В юности мы считали Октябрь большим благодеянием...
— Игорь Леонидович, что для Вас означает Октябрь 1917 года?
— Для меня, как и для всего моего поколения, это точка цивилизационного разлома. Скажем, как относиться к Великой Французской революции? Это революция кровавая, полная великого, прекрасного — но и страшного, низменного. У французов хватило ума не оплёвывать это событие, и мы знаем, что до сих пор 14 июля — День взятия Бастилии — является национальным праздником Республики (хотя сомневаюсь, что нынешняя Республика одобряет историческую практику той революции). Как бы мы ни относились к Октябрьской революции, это, прежде всего катастрофа, потрясение. Но — и точка отсчета. И отделаться от этого события знаком «плюс» или «минус» невозможно. Конечно, в юности мы все считали Октябрь большим благодеянием и обновлением человечества. С годами отношение менялось. Но знаменательно, что, пройдясь по нам, революция очень положительно повлияла на остальной мир: Западу пришлось учитывать угрозы и риски, которые она в себе таила. Мы улучшили положение «рабочих и крестьян» на Западе, но отнюдь у не нас! Запад извлёк очень серьёзные уроки из того, что происходило в России.
— Нужно ли хоронить тело Владимира Ильича Ленина?

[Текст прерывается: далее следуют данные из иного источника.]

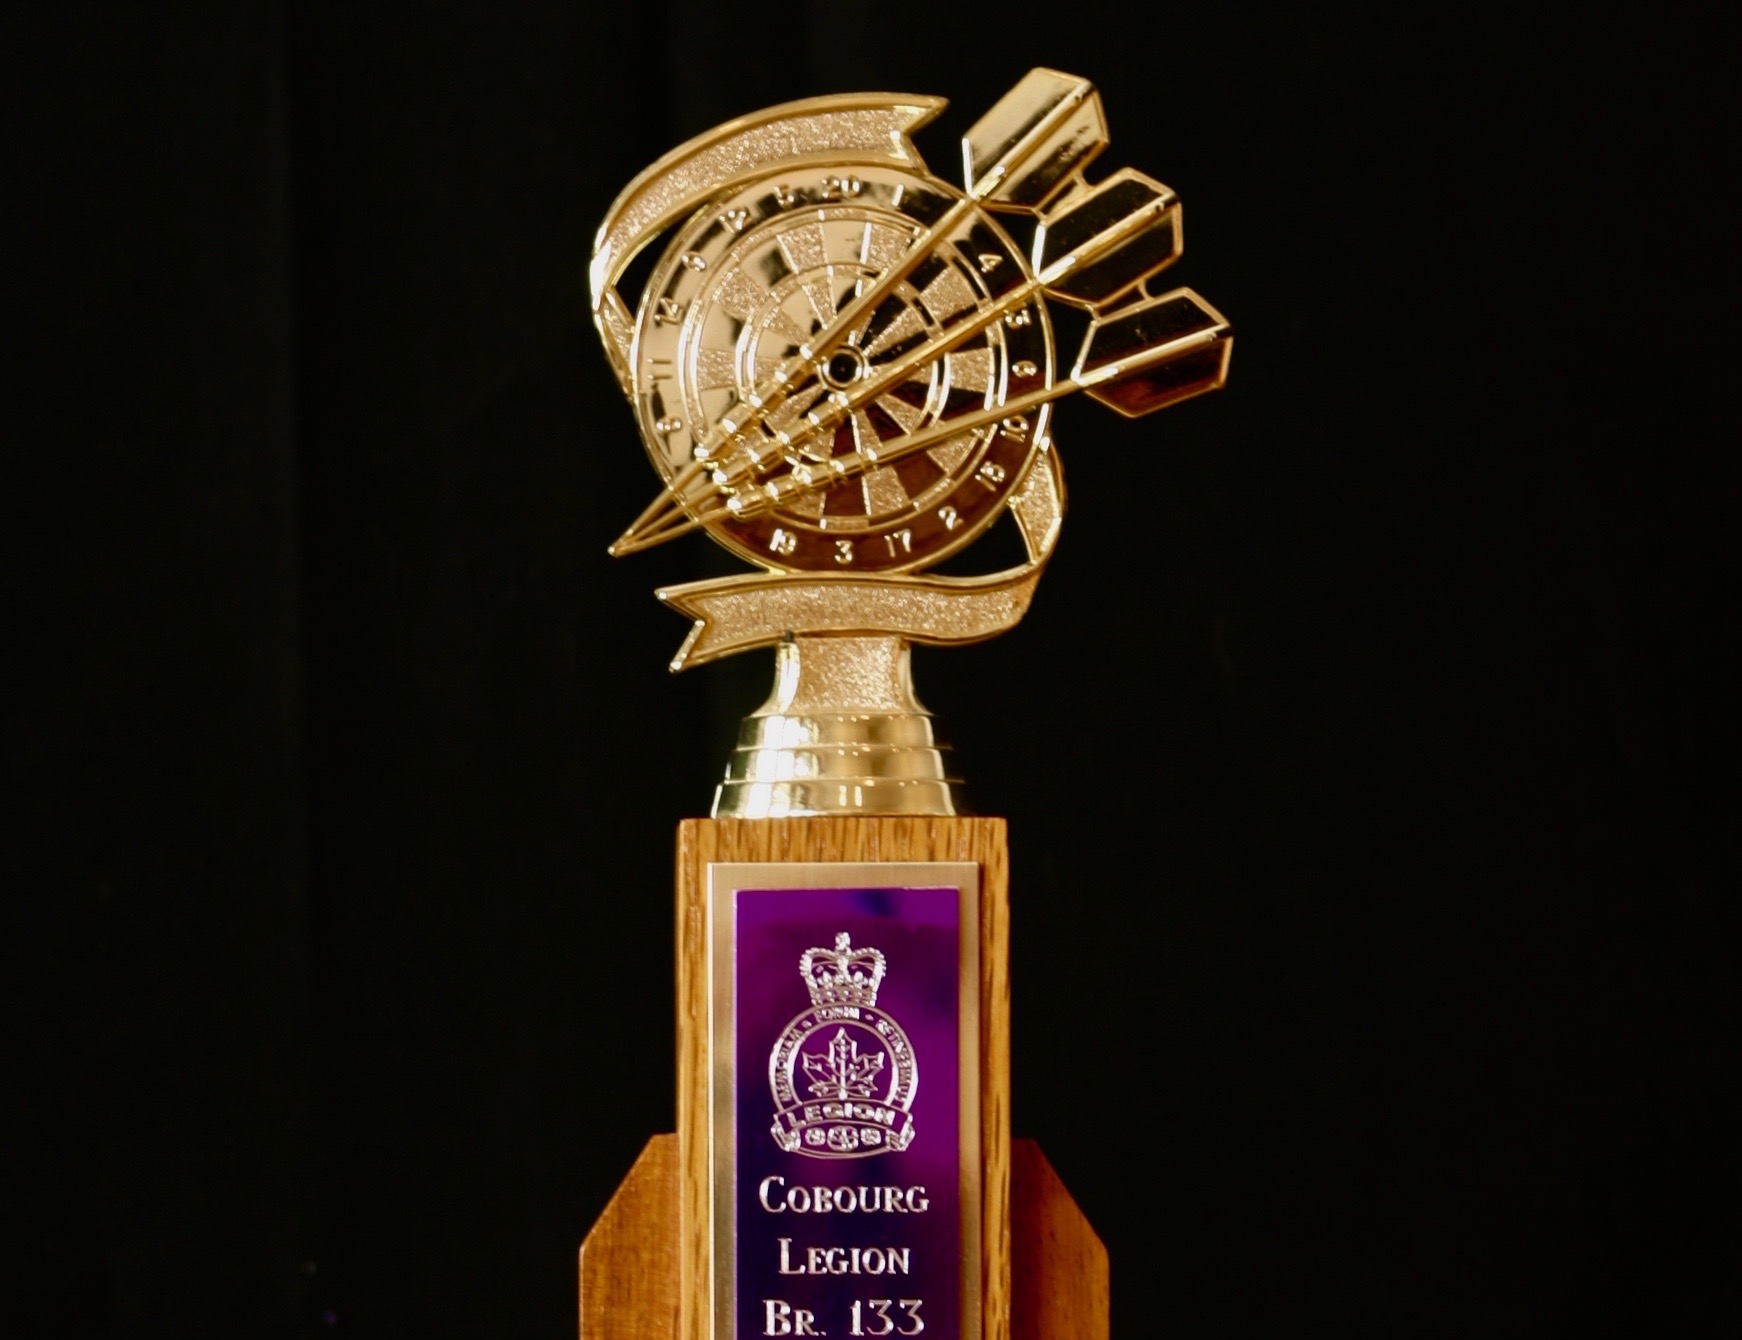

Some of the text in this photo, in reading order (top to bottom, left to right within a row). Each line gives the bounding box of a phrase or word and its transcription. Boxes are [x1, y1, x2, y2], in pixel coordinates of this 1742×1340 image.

[822, 175, 861, 198] 20
[770, 528, 797, 555] 19
[835, 540, 853, 563] 3
[885, 529, 911, 558] 17
[787, 1102, 895, 1127] LEGION
[849, 1299, 925, 1336] 133

— У меня есть статья — она называется «Живой труп (Мавзолей как археологическая проблема)», где я говорю, что вынос тела Ленина из Мавзолея будет лучшим доказательством того, что дело его живёт. Это вопрос не наш: пусть его решат наши потомки - в стране благополучной, процветающей. А сейчас любые решения будут сугубо политическим актом. Мавзолей — это объект истории и культуры. Скажите, кого интересует, каким фараоном был Хеопс — зверем или благодетелем? Мавзолей — это та же пирамида Хеопса, самый страшный и символичный музей нашей истории, воплощение тоталитарного мышления, попытка наделить бессмертием смертное вещество. Если мы сейчас вынесем тело Ленина из Мавзолея, через двести лет будущему Лужкову придётся при помощи будущих Церетели и Зайцева делать муляж и класть его обратно, чтобы воспроизвести исторический контекст. Конечно, по христианскому пониманию тело нужно похоронить, но сейчас, повторяю, это будет чистой политикой. Я бы законсервировал проблему, закрыв, может быть, доступ в Мавзолей, но сохранив его как уникальнейший исторический памятник — со всем его содержимым. Разрушить и вынести мы всегда успеем.
— Как Вы оцениваете большевистское прошлое нашей страны?
— Говоря словами Остапа Бендера — как медицинский факт. Конечно, история России ХХ века — это величайшая драма. И «внутри» этой драмы мобилизационный режим достиг впечатляющих показателей, особенно если говорить о результатах Второй мировой войны, когда мы получили гигантские дивиденды и «отыграли» в пользу страны всё что могли. Другое дело — какой ценой. Сам стиль большевистского правления и количество жертв несопоставимы с теми результатами, которые были достигнуты. Эта кровь — «на нас и на детях наших». К сожалению, наш либерализм унаследовал очень многие черты большевизма: его нетерпимость, безжалостность к «малым сим», самонадеянность, корпоративное самодовольство, тоталитарные замашки. Оценка этого периода будет складываться веками, и ещё много копий будет сломано. Однозначно оценивать «за» или «против» невозможно.